Institutional Member Spotlight: Welcome, Columbia Population Research Center
Christine BachrachThis month’s Institutional Member profile features the Columbia Population Research Center (CPRC) at Columbia University in NYC, a member of IAPHS since February, 2017.
The CPRC was founded in 2006 to foster cross-disciplinary research collaborations that would contribute to improving the health and well-being of vulnerable populations. The Center brings together population scientists from three Columbia schools –the Columbia School of Social Work, the Mailman School of Public Health, and the Faculty of Arts and Sciences — and other units on campus. Affiliates include demographers, sociologists, economists, anthropologists, political scientists, lawyers, statisticians, historians, physicians, and social work and public health scholars. Affiliates’ research spans four primary areas, with a key cross-cutting theme being a focus on policy, both as a driver of health disparities and a way to mitigate them.
Children, Youth, and Families. Some of the Center’s signature contributions include work by Jeanne Brooks-Gunn and her colleagues on the influence of family and neighborhood characteristics and the effect of interventions on child outcomes; work by Irv Garfinkel, Neeraj Kaushal, Ron Mincy, Christopher Wimer, and Jane Waldfogel on the effects of welfare, child support, and work-family policies on child and family well-being; and collaboration in the Fragile Families and Child Well-Being study – a study that integrates child development, demographic, social, policy, and genetic sciences to understand the health and development of children born to unmarried mothers.
Reproductive Health and HIV. CPRC brings a strong emphasis on social scientific approaches to gender and sexuality as determinants of population-level health inequalities. For example, IAPHS member Mark Hatzenbuehler conducts work on the role of structural stigma in the production of health inequalities, focusing on the health of sexual minority youth. Jennifer Hirsch leads an interdisciplinary team in a University-funded study of the factors that influence sexual health and sexual violence among undergraduates. This study, the Sexual Health Initiative To Foster Transformation (SHIFT) project, was featured in a recent issue of New Yorker magazine.

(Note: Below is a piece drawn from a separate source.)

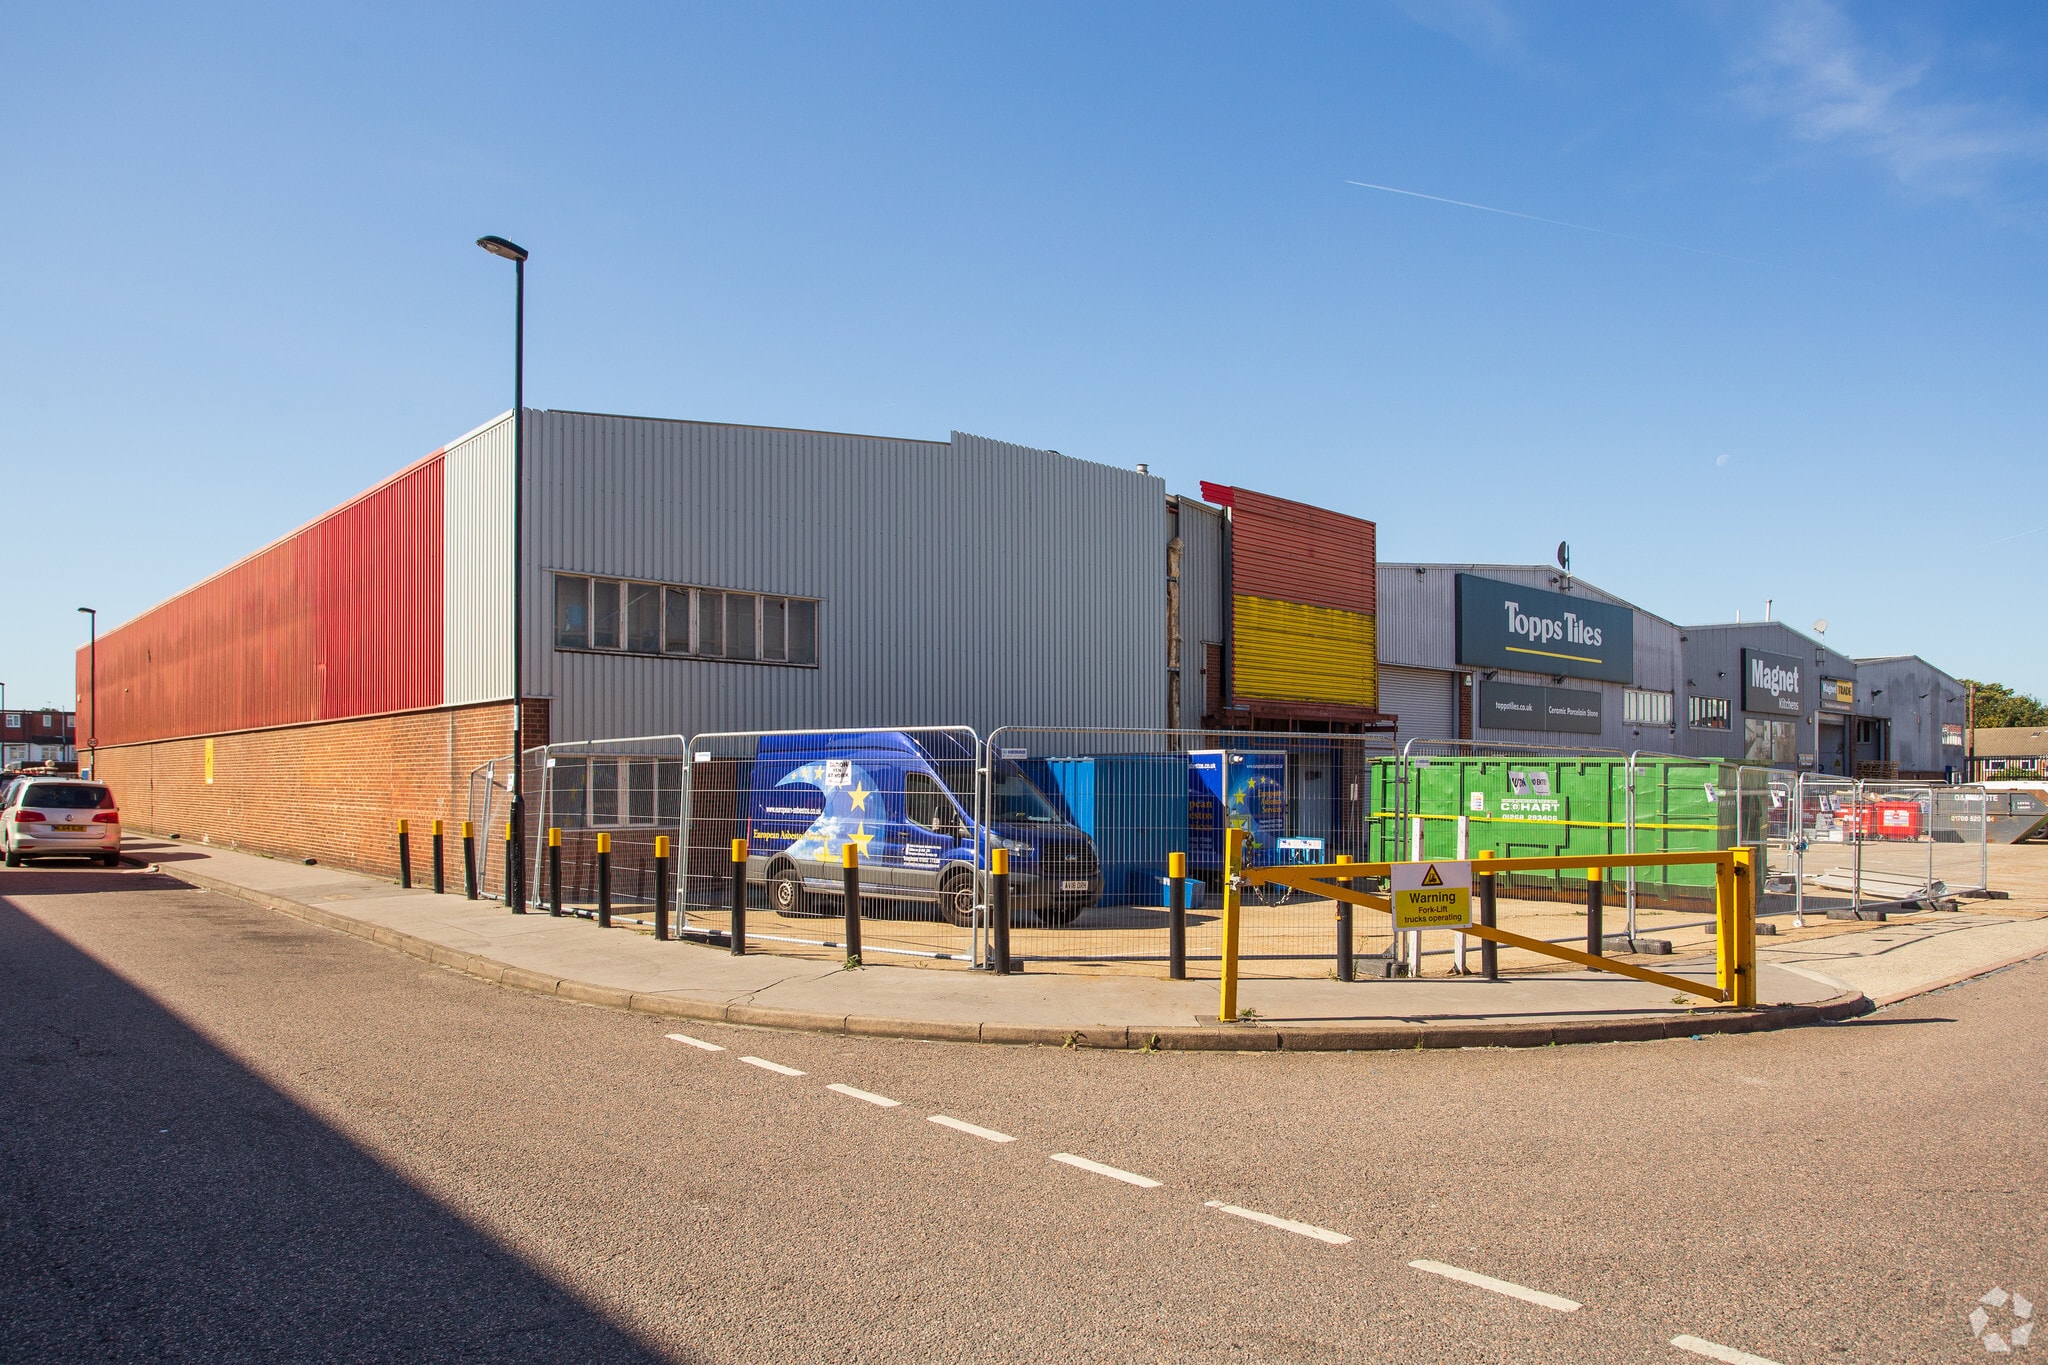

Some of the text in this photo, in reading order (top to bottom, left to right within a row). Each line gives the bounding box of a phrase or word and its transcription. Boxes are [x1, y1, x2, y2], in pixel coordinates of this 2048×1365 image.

Immigration and Migration. CPRC researchers study topics such as the impact of U.S. social stratification on immigrant adaptation and health trajectories over time (Lisa Bates), how policies and events affect the well-being of immigrant families (Neeraj Kaushal, Yao Lu), and how school environments affect the development of children in immigrant families. In February, the Center held a half-day conference that convened academics, policymakers and activists to engage in a discussion on the past, present and future of DACA and its impacts on the immigrant and local communities across the country.
Urbanism. New York City’s communities provide an outstanding laboratory for studying how the physical environment and social resources of urban neighborhoods create contexts and individual vulnerabilities that modify and mediate relationships between economic and health disparities. For example, IAPHS member Andrew Rundle studies the “spillover” effects of adjacent or nearby neighborhoods on health outcomes within a neighborhood. A recent addition to the faculty, Danny Giovenco, received the NIH Director’s Early Independence Award for his work examining whether neighborhood differences in the promotion of tobacco and vaping products influence health disparities. Columbia faculty members partner with local community groups and work with New York City officials in their research to advance policies and local strategies for improving health, through initiatives such as the New York City Longitudinal Study of Wellbeing supported by the Robin Hood Foundation. The Center also has a strong global focus on cities, which play an increasingly important role in creating inequalities in population health worldwide.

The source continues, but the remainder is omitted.